La société anonyme Banque CIC Nord-Ouest a accordé un prêt personnel de 65 000 euros à M. [D] [X] le 8 octobre 2020, avec un taux d’intérêt fixe de 4,75% et un remboursement échelonné sur 60 mensualités de 1 235,92 euros, assurance facultative incluse.

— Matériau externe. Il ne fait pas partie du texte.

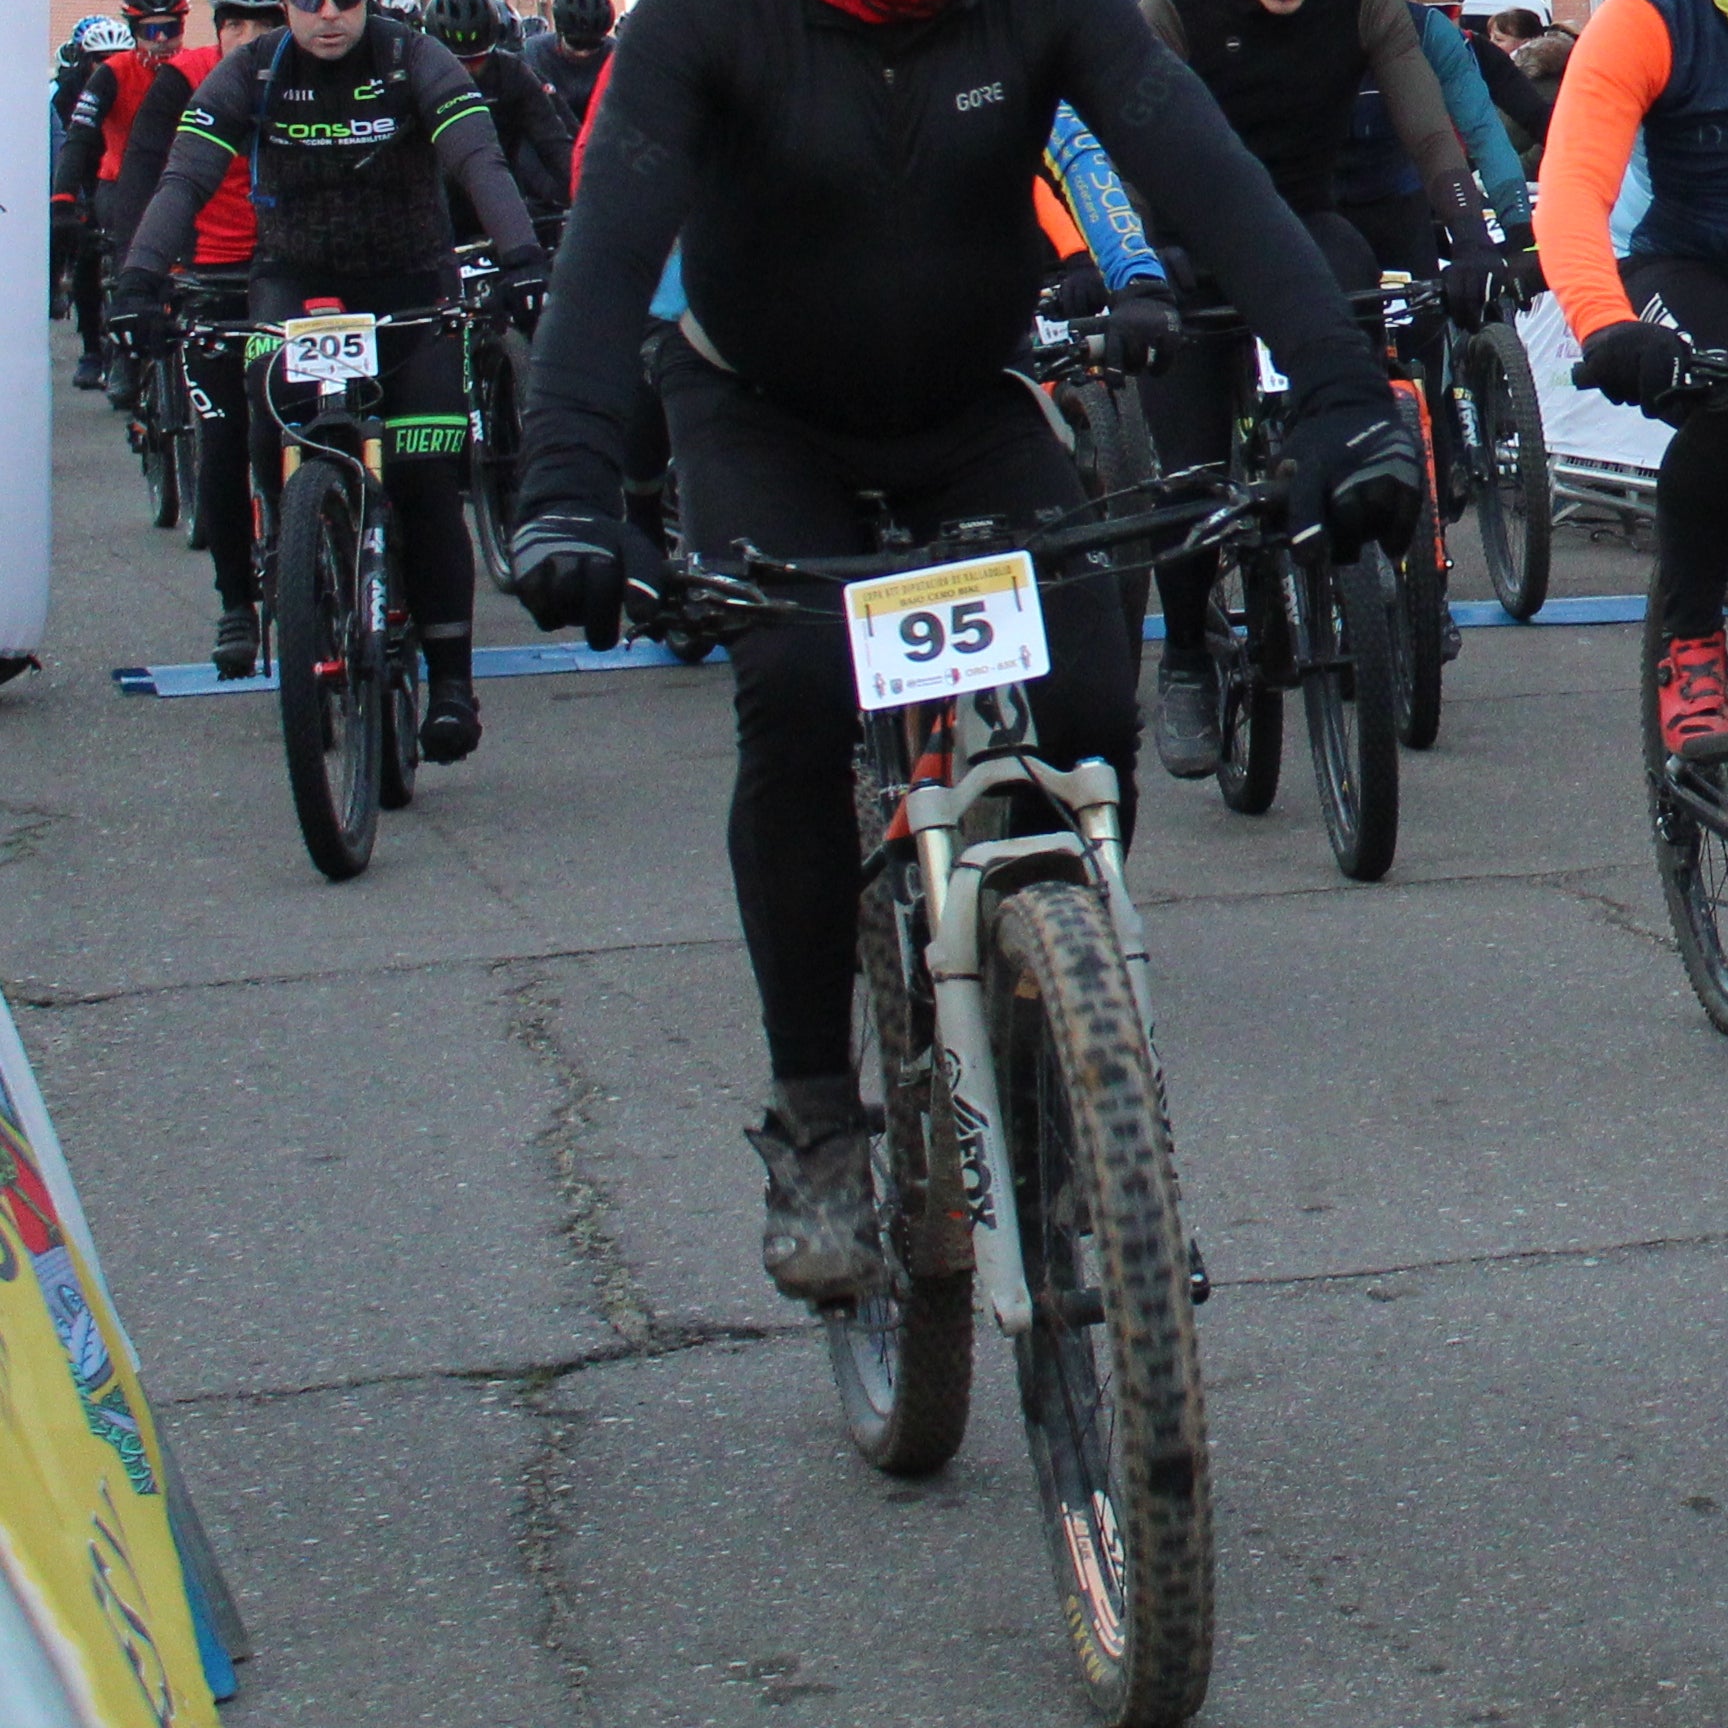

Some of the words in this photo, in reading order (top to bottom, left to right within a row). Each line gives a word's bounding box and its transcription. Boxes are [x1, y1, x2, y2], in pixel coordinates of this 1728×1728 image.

[956, 82, 1005, 112] GORE
[299, 333, 367, 361] 205
[899, 599, 994, 663] 95
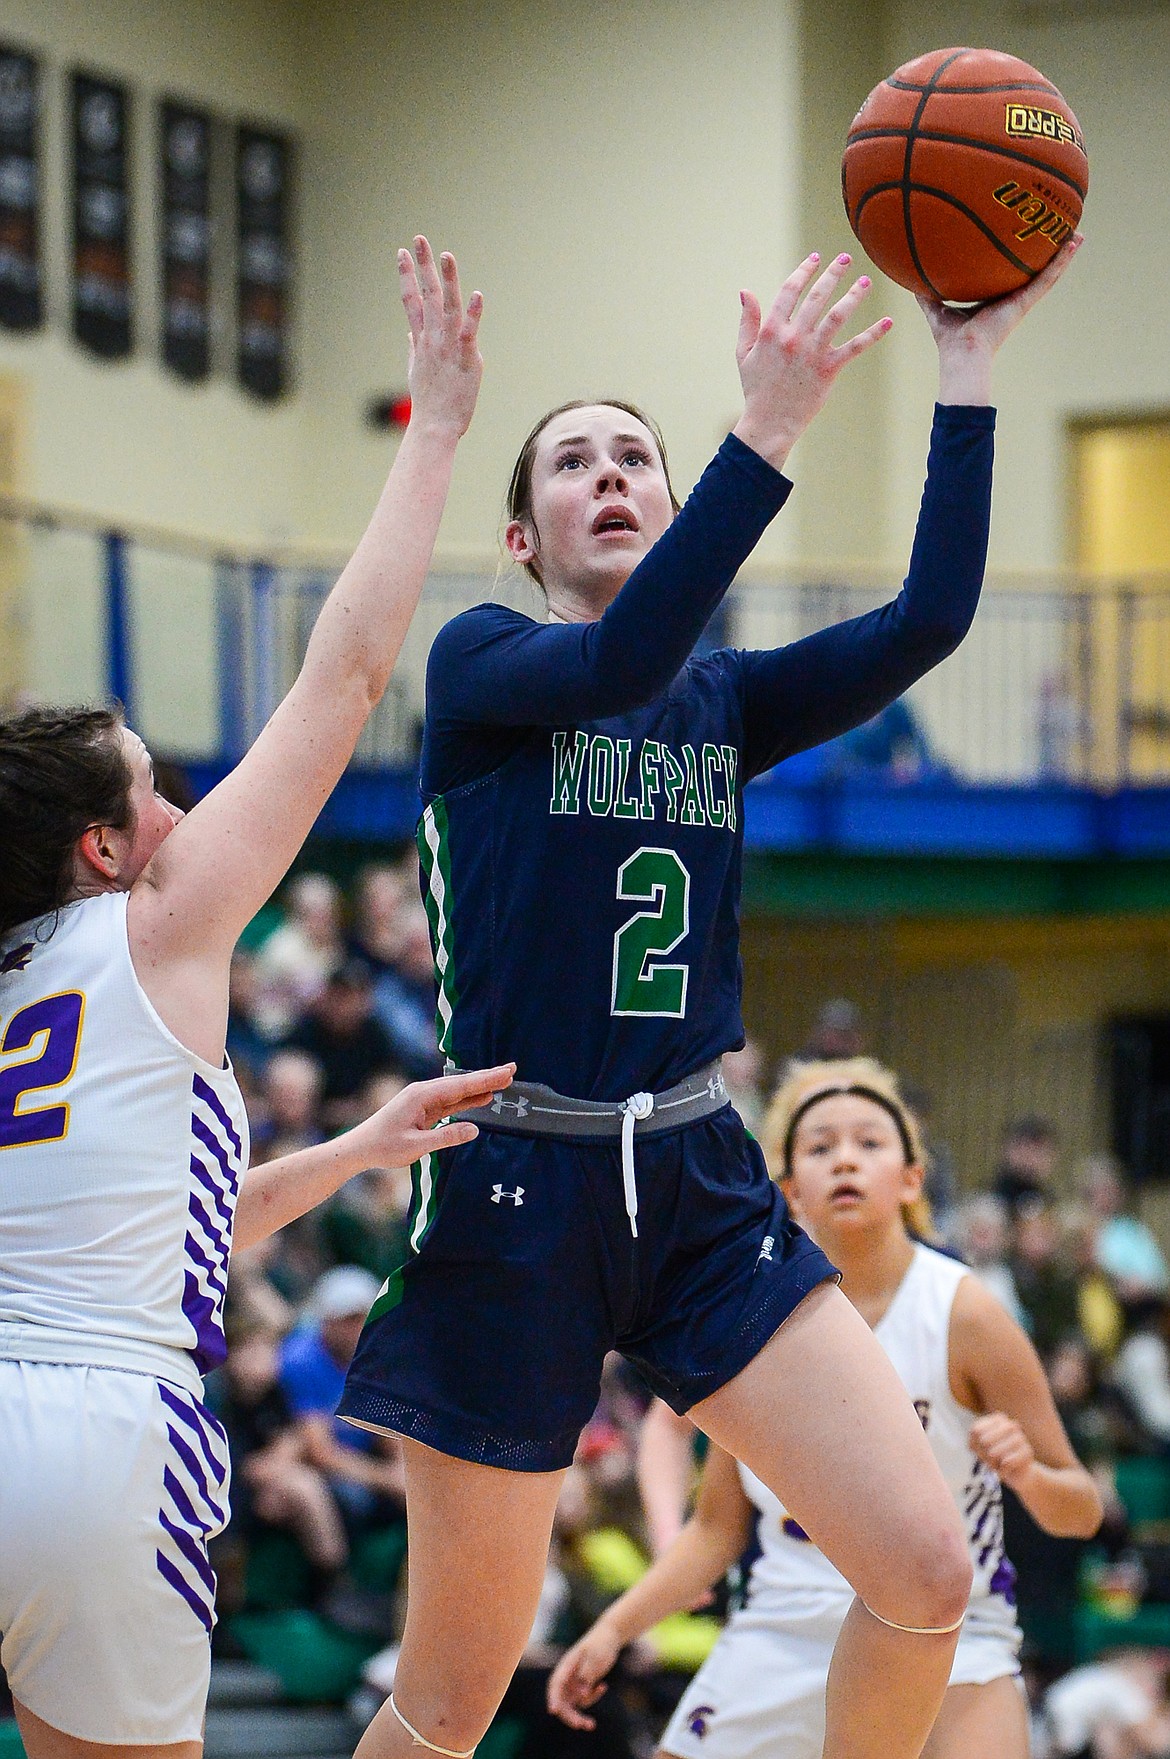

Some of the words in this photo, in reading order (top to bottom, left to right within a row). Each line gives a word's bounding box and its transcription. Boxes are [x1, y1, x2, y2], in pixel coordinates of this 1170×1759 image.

Mises en Demeure et Déchéance

Le 16 mars 2023, la banque a mis en demeure M. [X] de régler des échéances impayées totalisant 3 921,43 euros. Une seconde mise en demeure a été envoyée le 6 avril 2023, réclamant 4 007,21 euros avant le 30 avril 2023. Le 11 juillet 2023, la banque a notifié la déchéance du terme du prêt, demandant le remboursement d’un solde de 42 585,73 euros.

Assignation en Justice

Le 6 octobre 2024, la banque a assigné M. [X] devant le juge des contentieux de la protection à Lille, demandant le paiement de 42 731,83 euros avec intérêts, en se fondant sur plusieurs articles du code de la consommation et du code civil. L’audience a été fixée au 11 mars 2024, avec une plaidoirie prévue pour le 2 septembre 2024.

Arguments de la Banque

La banque a soutenu qu’elle avait respecté ses obligations précontractuelles en vérifiant la solvabilité de M. [X]. Elle a affirmé que ce dernier avait fait preuve de mauvaise foi dans ses déclarations financières et a justifié sa demande d’indemnité conventionnelle de 7% du capital restant dû en raison de la défaillance de l’emprunteur.

Arguments de M. [X]

M. [X] a contesté la vérification de sa solvabilité par la banque, arguant qu’elle n’avait pas suffisamment pris en compte sa situation financière. Il a également demandé des dommages et intérêts pour défaut de mise en garde, ainsi que la radiation de son inscription au FICP, tout en sollicitant des délais de paiement.

Décision du Juge

Le juge a déclaré la demande de la banque irrecevable en raison de la forclusion, car l’action en paiement n’avait pas été engagée dans les deux ans suivant le premier incident de paiement. La demande de M. [X] pour dommages et intérêts a également été rejetée, tout comme sa demande de radiation au FICP. La banque a été condamnée aux dépens de l’instance.

Conclusion

Le jugement a été rendu le 4 novembre 2024, avec exécution provisoire de droit, confirmant l’irrecevabilité de la banque à agir en paiement et le rejet des demandes reconventionnelles de M. [X].

REPUBLIQUE FRANÇAISE
AU NOM DU PEUPLE FRANÇAIS

4 novembre 2024
Tribunal judiciaire de Lille
RG
23/09446
TRIBUNAL JUDICIAIRE
de LILLE
[Localité 4]

☎ :[XXXXXXXX01]

N° RG 23/09446 – N° Portalis DBZS-W-B7H-XUE5

JUGEMENT

DU : 04 Novembre 2024

Société LA BANQUE CIC NORD OUEST

C/

[D] [X]

REPUBLIQUE FRANÇAISE

AU NOM DU PEUPLE FRANÇAIS

JUGEMENT DU 04 Novembre 2024

DANS LE LITIGE ENTRE :

DEMANDEUR(S)

Société LA BANQUE CIC NORD OUEST, dont le siège social est sis [Adresse 3]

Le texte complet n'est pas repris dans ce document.